番付がかなり落ちても
そこから積み上げるしかない

 公傷制度と似た仕組みに、公欠制度がある。大学などで授業を欠席する際に、学会に出席したり、他の研究会の活動に参加するなど、大学が認めた理由であれば、欠席したという扱いをせずに、出席したものとみなす制度だ。

 この公欠制度、授業に出席したかどうかが履修単位認定に大きく影響する場合や、勤勉さにより成績を付ける授業には必要かもしれない。しかし、大学におけるほとんどの授業は、その知識を得たか否か、その能力を発揮できるようになったかどうかが問われるものだと、私は考える。

 だとすれば、公欠であろうが、大学構内でのけがであろうが、はたまたプライベートでのけがや病気であろうが、その授業に参加していなかったのであれば、その授業で得られるはずの知識は得ておらず、その授業で発揮すべき能力は発揮できていなかったということになる。極論すれば、ぼんやりと授業に参加して、多少の知識や能力を発揮しただけの学生より低いパフォーマンス、つまり、パフォーマンスゼロということになる。

 これに対して、「確かにその授業には参加していなかったが、普段は相当程度の知識や能力を有しているので、パフォーマンスゼロとみなすのはおかしい」という意見に接することがある。私が言いたいのは、その授業で発揮された知識や能力についての事実についてだ。その授業の評価はその授業の範囲で、日常の評価は日常の評価で分別して行わないと、両者が混在して、それぞれの評価を行う意味がなくなる。

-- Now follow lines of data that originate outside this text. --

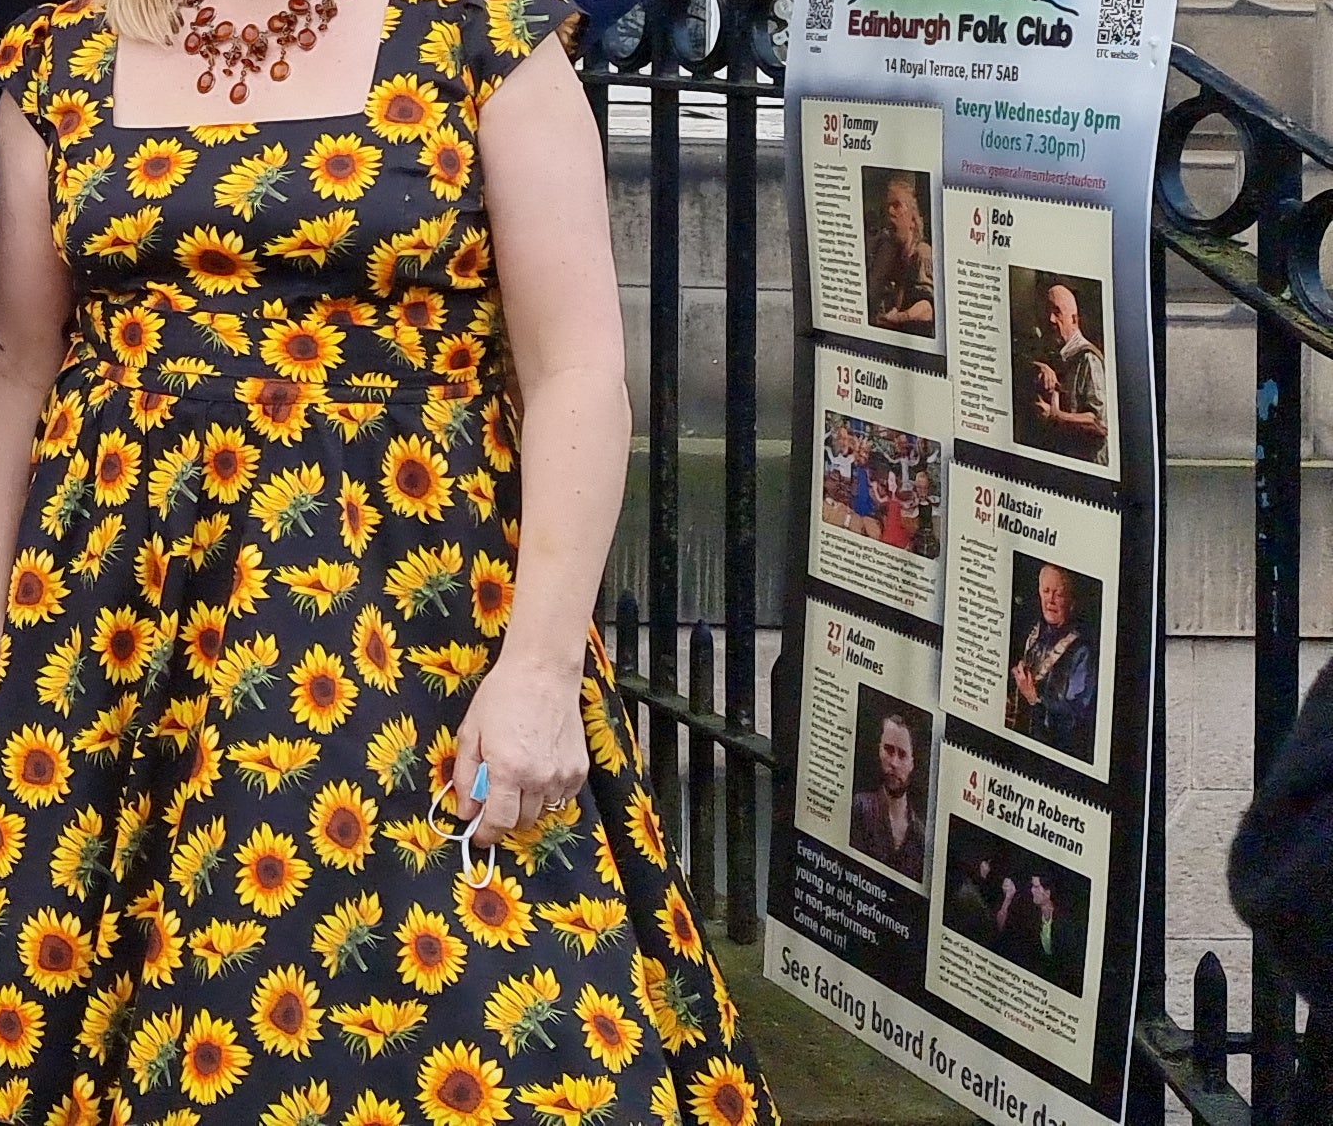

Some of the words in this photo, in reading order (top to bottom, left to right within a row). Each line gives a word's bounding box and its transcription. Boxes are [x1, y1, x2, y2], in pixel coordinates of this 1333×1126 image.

[848, 9, 951, 46] Edinburgh
[957, 14, 1008, 44] Folk
[1016, 16, 1073, 48] Club
[885, 58, 897, 73] 14
[899, 59, 927, 79] Royal
[929, 60, 969, 81] Terrace,
[971, 64, 993, 80] EH7
[996, 65, 1019, 81] 5AB
[823, 113, 838, 132] 30
[842, 113, 879, 136] Tommy
[955, 97, 992, 127] Every
[994, 100, 1082, 131] Wednesday
[1084, 107, 1121, 132] 8pm
[823, 133, 839, 146] Mar
[843, 133, 872, 151] Sands
[980, 132, 1023, 154] (doors
[1025, 134, 1086, 162] 7.30pm)
[973, 207, 981, 226] 6
[991, 209, 1014, 227] Bob
[969, 228, 986, 245] Apr
[992, 230, 1011, 248] Fox
[836, 365, 850, 384] 13
[854, 369, 888, 391] Ceilidh
[836, 385, 849, 401] Apr
[854, 388, 883, 410] Dance
[974, 486, 992, 507] 20
[997, 491, 1044, 520] Alastair
[974, 507, 991, 523] Apr
[997, 512, 1057, 547] McDonald
[827, 621, 842, 641] 27
[846, 627, 876, 651] Adam
[827, 640, 841, 658] Apr
[846, 647, 884, 676] Holmes
[968, 770, 978, 789] 4
[963, 788, 982, 814] May
[987, 776, 1034, 812] Kathryn
[1036, 799, 1086, 834] Roberts
[986, 799, 996, 816] &
[997, 802, 1024, 831] Seth
[1027, 821, 1084, 857] Lakeman
[797, 840, 844, 881] Everybody
[845, 870, 887, 902] welcome
[795, 865, 824, 895] young
[825, 882, 835, 896] or
[836, 887, 856, 910] old,
[856, 899, 910, 940] performers
[793, 906, 819, 934] Come
[820, 925, 832, 942] on
[833, 930, 847, 950] in!
[794, 887, 804, 901] or
[805, 893, 880, 946] non-performers.
[780, 946, 809, 986] See
[814, 965, 866, 1031] facing
[872, 1001, 924, 1061] board
[929, 1037, 957, 1080] for
[961, 1069, 1028, 1124] earlier

 貴景勝は、7月全休の後、大関から陥落する。9月場所で10勝すれば、1場所で大関に返り咲くことができる。けがの回復状況によっては、復帰は11月場所以降になるかもしれない。番付は落ちるところまで落ちるかもしれない。いずれであったとしても、体調が十分に回復してから、正々堂々とパフォーマンスを発揮したという事実を積み上げていけばよい。